=== Exercise aim ===
Please reproduce the following records exactly, with nothing omitted.
[Data supplied]
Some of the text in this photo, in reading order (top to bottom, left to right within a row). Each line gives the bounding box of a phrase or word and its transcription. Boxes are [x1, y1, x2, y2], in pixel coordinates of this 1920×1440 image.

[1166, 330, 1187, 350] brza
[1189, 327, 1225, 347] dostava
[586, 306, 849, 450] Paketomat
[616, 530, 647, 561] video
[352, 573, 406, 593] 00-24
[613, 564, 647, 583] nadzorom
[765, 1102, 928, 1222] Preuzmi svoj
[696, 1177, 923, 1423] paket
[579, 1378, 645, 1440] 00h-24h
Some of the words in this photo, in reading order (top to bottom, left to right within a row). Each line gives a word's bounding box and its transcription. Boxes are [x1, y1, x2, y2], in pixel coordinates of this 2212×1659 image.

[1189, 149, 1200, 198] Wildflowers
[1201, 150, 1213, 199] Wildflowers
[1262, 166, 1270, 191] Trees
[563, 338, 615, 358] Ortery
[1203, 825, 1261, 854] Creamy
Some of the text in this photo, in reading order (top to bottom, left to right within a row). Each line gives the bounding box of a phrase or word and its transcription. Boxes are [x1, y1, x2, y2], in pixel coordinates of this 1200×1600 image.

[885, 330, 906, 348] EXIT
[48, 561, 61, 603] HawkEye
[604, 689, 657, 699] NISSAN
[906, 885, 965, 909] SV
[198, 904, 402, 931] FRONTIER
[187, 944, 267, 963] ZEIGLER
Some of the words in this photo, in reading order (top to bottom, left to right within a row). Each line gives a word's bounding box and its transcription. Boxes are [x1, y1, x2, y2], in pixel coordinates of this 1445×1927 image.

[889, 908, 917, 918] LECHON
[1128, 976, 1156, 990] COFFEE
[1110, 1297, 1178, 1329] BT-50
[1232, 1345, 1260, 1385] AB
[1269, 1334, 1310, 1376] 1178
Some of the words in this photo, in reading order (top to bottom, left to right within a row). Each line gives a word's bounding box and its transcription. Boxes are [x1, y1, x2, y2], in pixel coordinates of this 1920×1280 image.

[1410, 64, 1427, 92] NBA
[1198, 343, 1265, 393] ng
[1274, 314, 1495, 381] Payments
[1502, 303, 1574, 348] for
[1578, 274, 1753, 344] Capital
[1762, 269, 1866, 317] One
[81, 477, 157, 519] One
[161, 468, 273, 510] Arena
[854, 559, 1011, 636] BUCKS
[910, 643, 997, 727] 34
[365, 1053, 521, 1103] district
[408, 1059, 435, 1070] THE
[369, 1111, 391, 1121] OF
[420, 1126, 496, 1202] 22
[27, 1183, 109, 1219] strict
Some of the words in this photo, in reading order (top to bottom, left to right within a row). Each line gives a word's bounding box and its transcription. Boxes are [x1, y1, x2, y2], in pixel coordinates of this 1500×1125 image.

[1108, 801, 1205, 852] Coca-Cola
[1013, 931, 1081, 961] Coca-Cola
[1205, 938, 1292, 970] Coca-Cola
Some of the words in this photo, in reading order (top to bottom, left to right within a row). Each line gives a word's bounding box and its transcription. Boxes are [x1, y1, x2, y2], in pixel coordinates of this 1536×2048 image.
[/Data supplied]
=== Solution for this task ===
Some of the text in this photo, in reading order (top to bottom, left to right within a row). Each line gives the bounding box of a phrase or word and its transcription. Boxes are [x1, y1, x2, y2], in pixel coordinates of this 1920×1440 image.

[1166, 330, 1187, 350] brza
[1189, 327, 1225, 347] dostava
[586, 306, 849, 450] Paketomat
[616, 530, 647, 561] video
[352, 573, 406, 593] 00-24
[613, 564, 647, 583] nadzorom
[765, 1102, 928, 1222] Preuzmi svoj
[696, 1177, 923, 1423] paket
[579, 1378, 645, 1440] 00h-24h
Some of the words in this photo, in reading order (top to bottom, left to right within a row). Each line gives a word's bounding box and its transcription. Boxes are [x1, y1, x2, y2], in pixel coordinates of this 2212×1659 image.

[1189, 149, 1200, 198] Wildflowers
[1201, 150, 1213, 199] Wildflowers
[1262, 166, 1270, 191] Trees
[563, 338, 615, 358] Ortery
[1203, 825, 1261, 854] Creamy
Some of the text in this photo, in reading order (top to bottom, left to right within a row). Each line gives the bounding box of a phrase or word and its transcription. Boxes are [x1, y1, x2, y2], in pixel coordinates of this 1200×1600 image.

[885, 330, 906, 348] EXIT
[48, 561, 61, 603] HawkEye
[604, 689, 657, 699] NISSAN
[906, 885, 965, 909] SV
[198, 904, 402, 931] FRONTIER
[187, 944, 267, 963] ZEIGLER
Some of the words in this photo, in reading order (top to bottom, left to right within a row). Each line gives a word's bounding box and its transcription. Boxes are [x1, y1, x2, y2], in pixel coordinates of this 1445×1927 image.

[889, 908, 917, 918] LECHON
[1128, 976, 1156, 990] COFFEE
[1110, 1297, 1178, 1329] BT-50
[1232, 1345, 1260, 1385] AB
[1269, 1334, 1310, 1376] 1178
Some of the words in this photo, in reading order (top to bottom, left to right within a row). Each line gives a word's bounding box and its transcription. Boxes are [x1, y1, x2, y2], in pixel coordinates of this 1920×1280 image.

[1410, 64, 1427, 92] NBA
[1198, 343, 1265, 393] ng
[1274, 314, 1495, 381] Payments
[1502, 303, 1574, 348] for
[1578, 274, 1753, 344] Capital
[1762, 269, 1866, 317] One
[81, 477, 157, 519] One
[161, 468, 273, 510] Arena
[854, 559, 1011, 636] BUCKS
[910, 643, 997, 727] 34
[365, 1053, 521, 1103] district
[408, 1059, 435, 1070] THE
[369, 1111, 391, 1121] OF
[420, 1126, 496, 1202] 22
[27, 1183, 109, 1219] strict
Some of the words in this photo, in reading order (top to bottom, left to right within a row). Each line gives a word's bounding box and its transcription. Boxes are [x1, y1, x2, y2], in pixel coordinates of this 1500×1125 image.

[1108, 801, 1205, 852] Coca-Cola
[1013, 931, 1081, 961] Coca-Cola
[1205, 938, 1292, 970] Coca-Cola
Some of the words in this photo, in reading order (top to bottom, left to right within a row). Each line gives a word's bounding box and its transcription. Boxes are [x1, y1, x2, y2], in pixel coordinates of this 1536×2048 image.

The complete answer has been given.